== Aim of the task ==
Repeat the records word for word, excluding any picture.

== The records ==
# # # # # # #
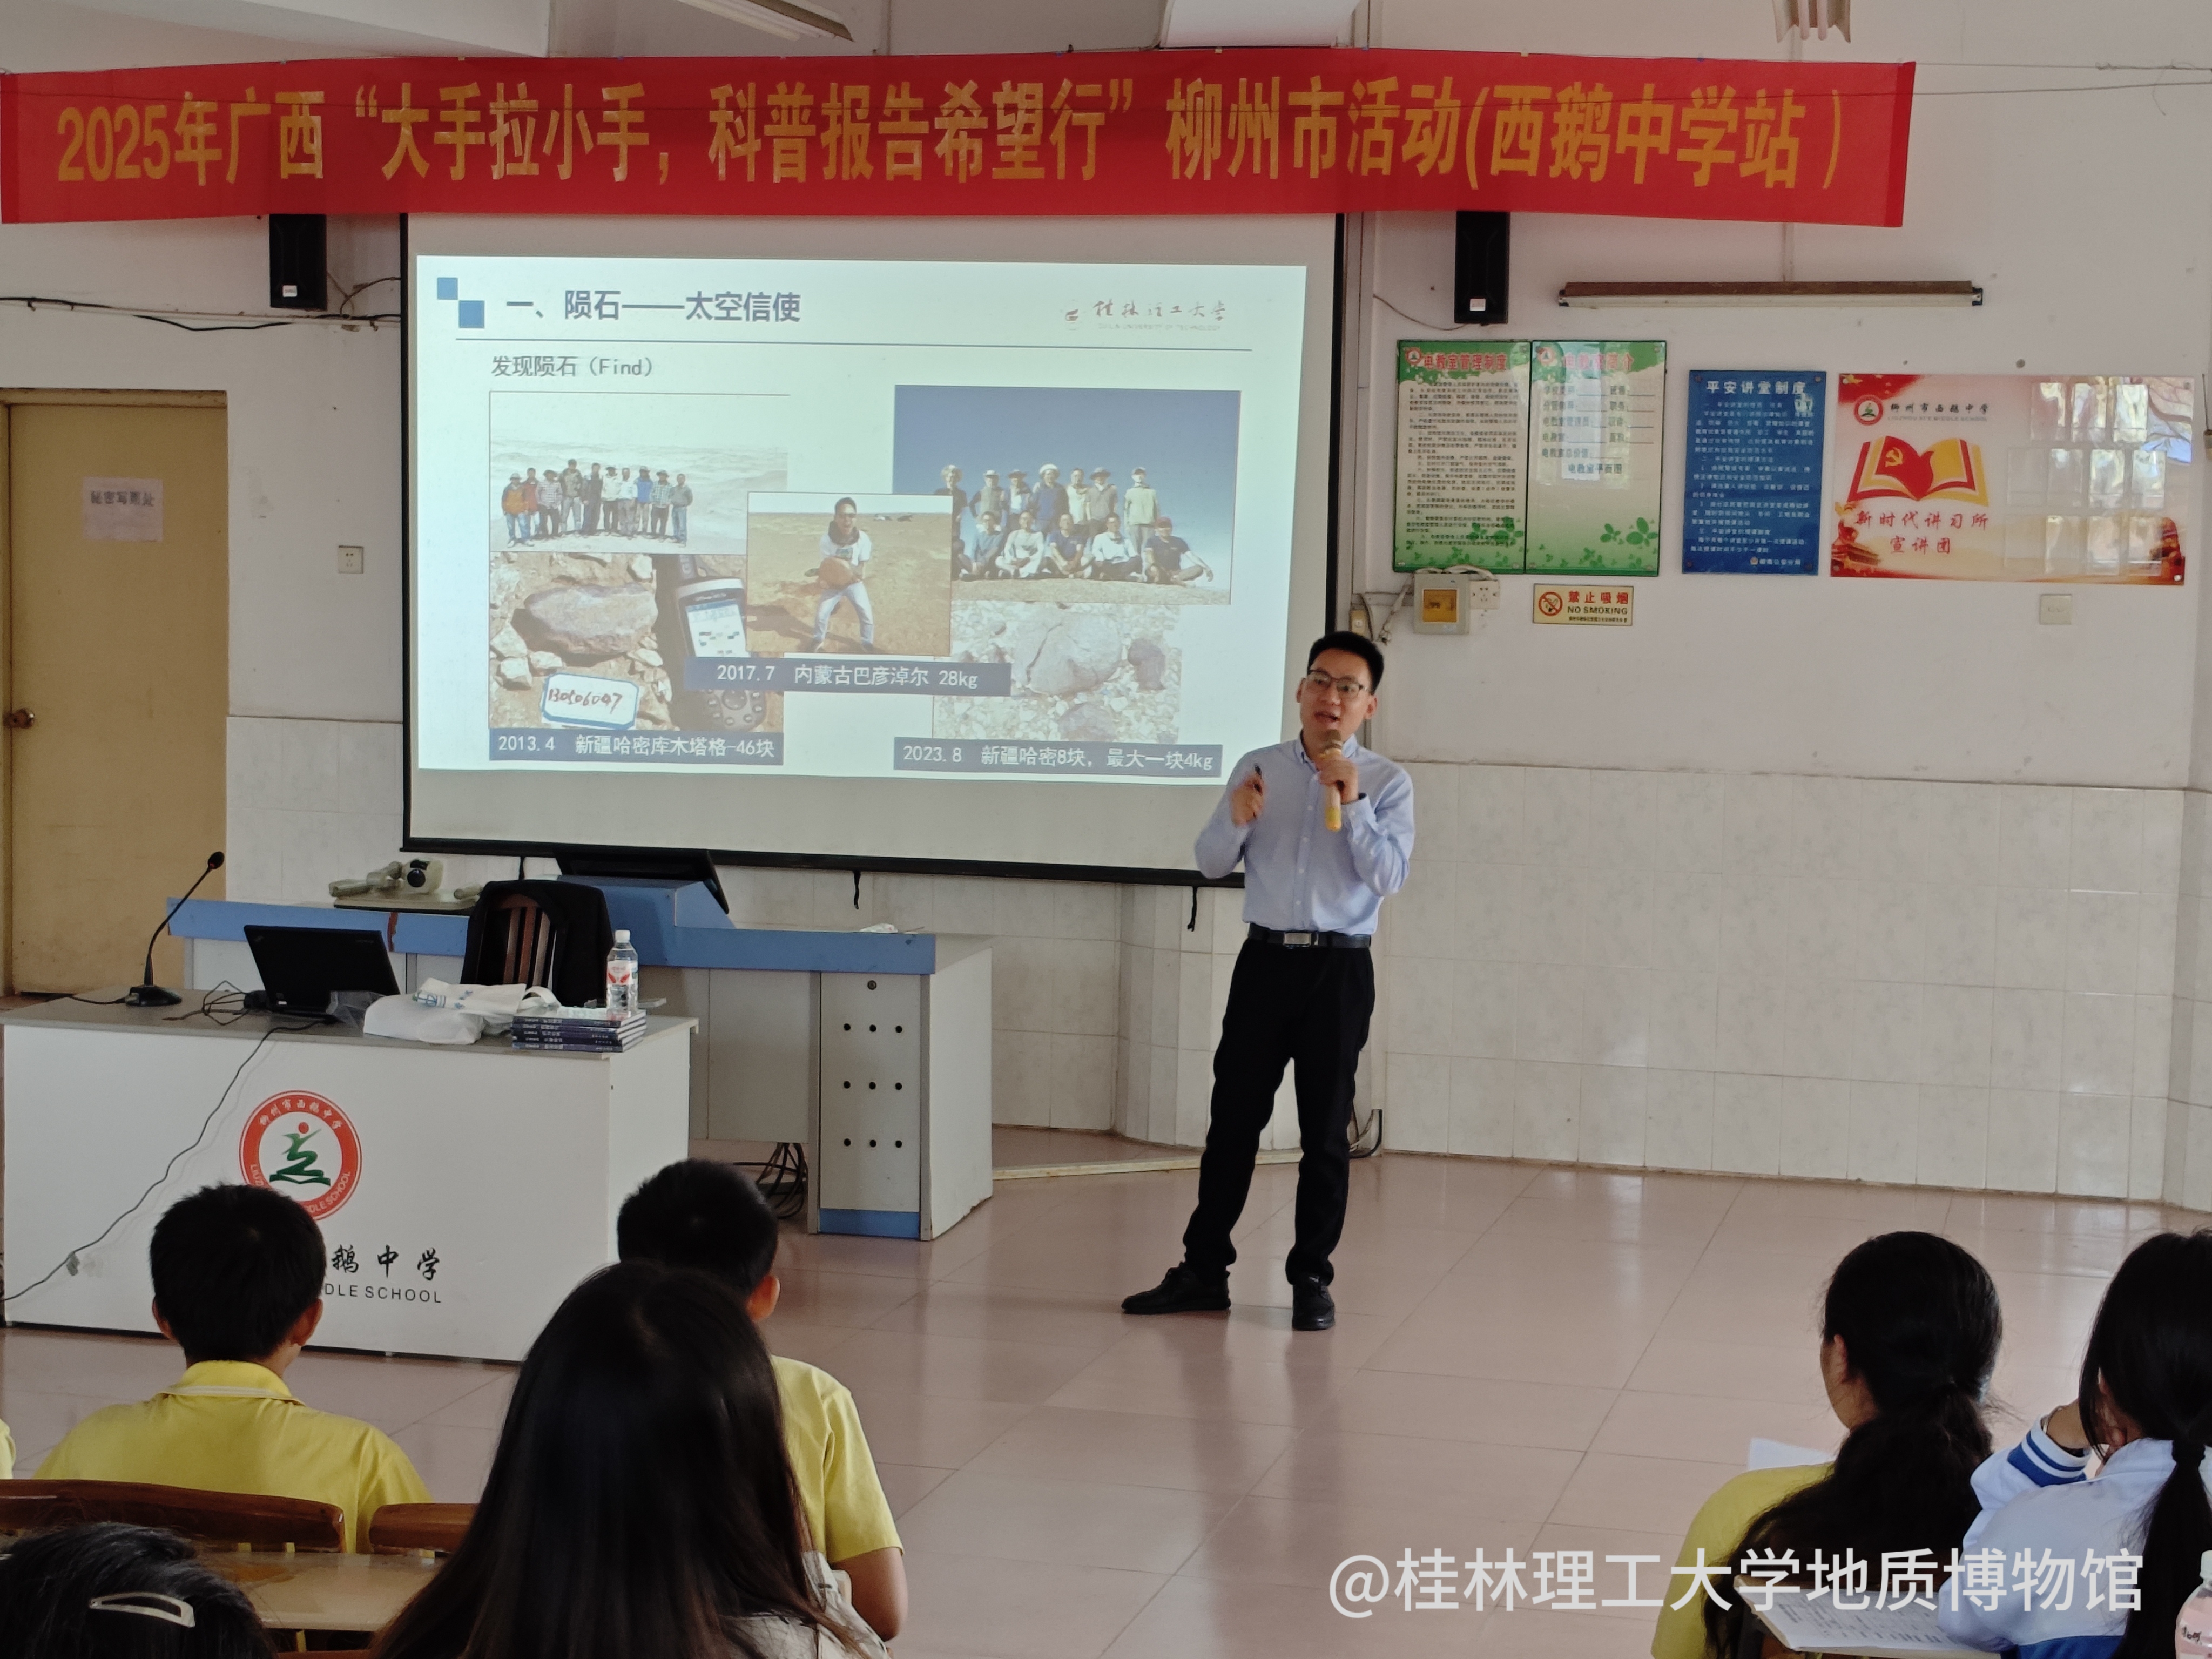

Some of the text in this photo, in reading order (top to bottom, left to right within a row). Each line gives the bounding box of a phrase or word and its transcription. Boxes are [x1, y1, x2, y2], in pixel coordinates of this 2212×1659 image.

[1856, 511, 1988, 530] 新时代讲习所
[1890, 536, 1950, 555] 宣讲团
[1568, 590, 1629, 604] 禁止吸烟
[1567, 606, 1581, 614] NO
[717, 665, 775, 681] 2017.7
[939, 670, 979, 689] 28kg
[499, 736, 555, 752] 2013.4
[903, 745, 962, 763] 2023.8
[331, 1244, 440, 1281] 鹅中学
[365, 1286, 441, 1303] SCHOOL
# # # # # # #
== Output for this exercise ==
Some of the text in this photo, in reading order (top to bottom, left to right within a row). Each line gives the bounding box of a phrase or word and its transcription. Boxes are [x1, y1, x2, y2], in pixel coordinates of this 2212×1659 image.

[1856, 511, 1988, 530] 新时代讲习所
[1890, 536, 1950, 555] 宣讲团
[1568, 590, 1629, 604] 禁止吸烟
[1567, 606, 1581, 614] NO
[717, 665, 775, 681] 2017.7
[939, 670, 979, 689] 28kg
[499, 736, 555, 752] 2013.4
[903, 745, 962, 763] 2023.8
[331, 1244, 440, 1281] 鹅中学
[365, 1286, 441, 1303] SCHOOL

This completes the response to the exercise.